William Hare, 3rd Earl of Listowel KP JP (29 May 1833 – 5 June 1924), styled Viscount Ennismore from 1837 to 1856, was an Anglo-Irish peer and Liberal politician.

Background
Listowel was the eldest son of William Hare, 2nd Earl of Listowel, and Maria Augusta, widow of George Wyndham of Cromer Hall, Norfolk, and second daughter of Vice-Admiral of William Windham (formerly Lukin of Felbrigge Hall). He was educated at Eton before gaining a commission as a lieutenant in the Scots Fusiliers Guards.

Military career
He served with his regiment during the Crimean War (1854-6). At the Battle of Alma he was wounded on 30 September 1854, and was invalided out to England by ship.

Political career
In the 1855 general election he stood for the Liberal party in County Cork.  He succeeded his father in the earldom in 1856 but as this was an Irish peerage it did not entitle him to a seat in the House of Lords.

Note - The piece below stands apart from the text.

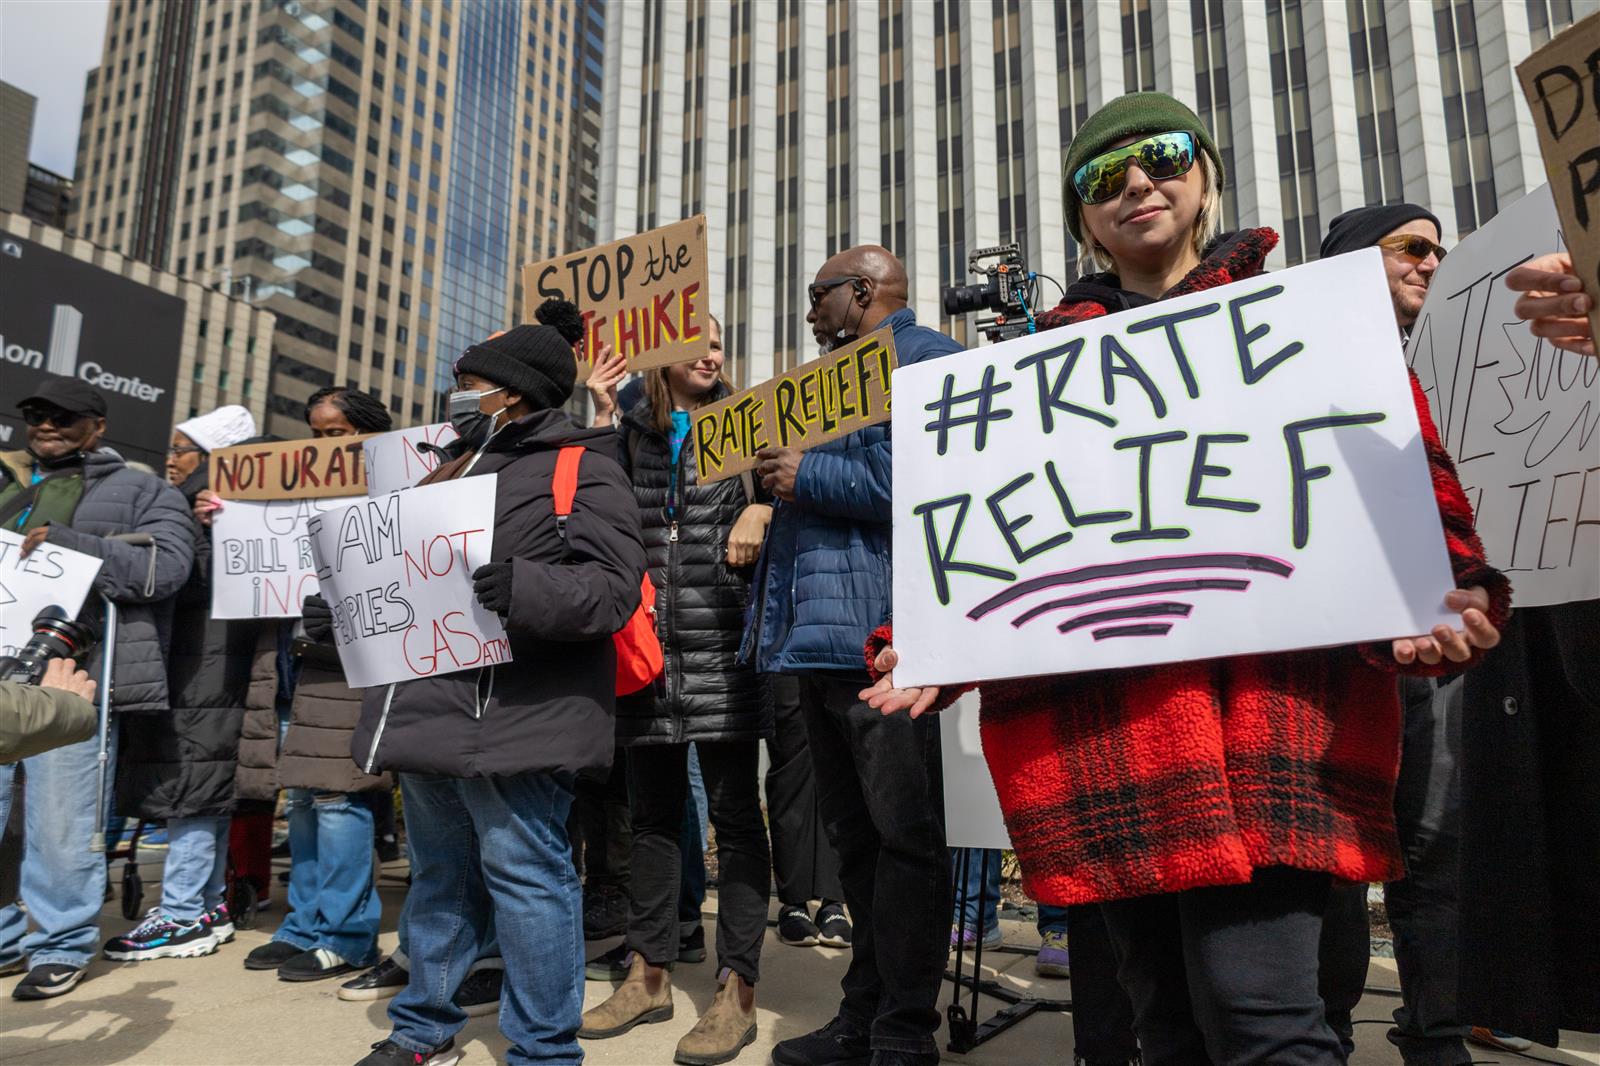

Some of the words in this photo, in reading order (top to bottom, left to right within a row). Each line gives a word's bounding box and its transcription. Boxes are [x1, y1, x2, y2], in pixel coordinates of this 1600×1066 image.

On 8 December 1869 he was created Baron Hare, of Convamore in the County of Cork, in the Peerage of the United Kingdom, which gave him the immediate right to sit in the House of Lords. In 1873 he was appointed to Knight of the Order of St Patrick.

Lord Listowel later served as a Lord-in-waiting (government whip in the House of Lords) from May to September 1880, this was at the beginning of the second Liberal administration of William Ewart Gladstone, but was informed that the royal household was not an hereditary sinecure. However he was appointed to the largely ceremonial post of Vice-admiral of Munster.

Family
Lord Listowel married Lady Ernestine Mary, younger daughter of Ernest Brudenell-Bruce, 3rd Marquess of Ailesbury, in 1865. He died in June 1924, aged 91, and was succeeded in his titles by his eldest son Richard. Two of his grandsons, William Hare, 5th Earl of Listowel, and John Hare, 1st Viscount Blakenham, both became government ministers. Lady Listowel died in 1936.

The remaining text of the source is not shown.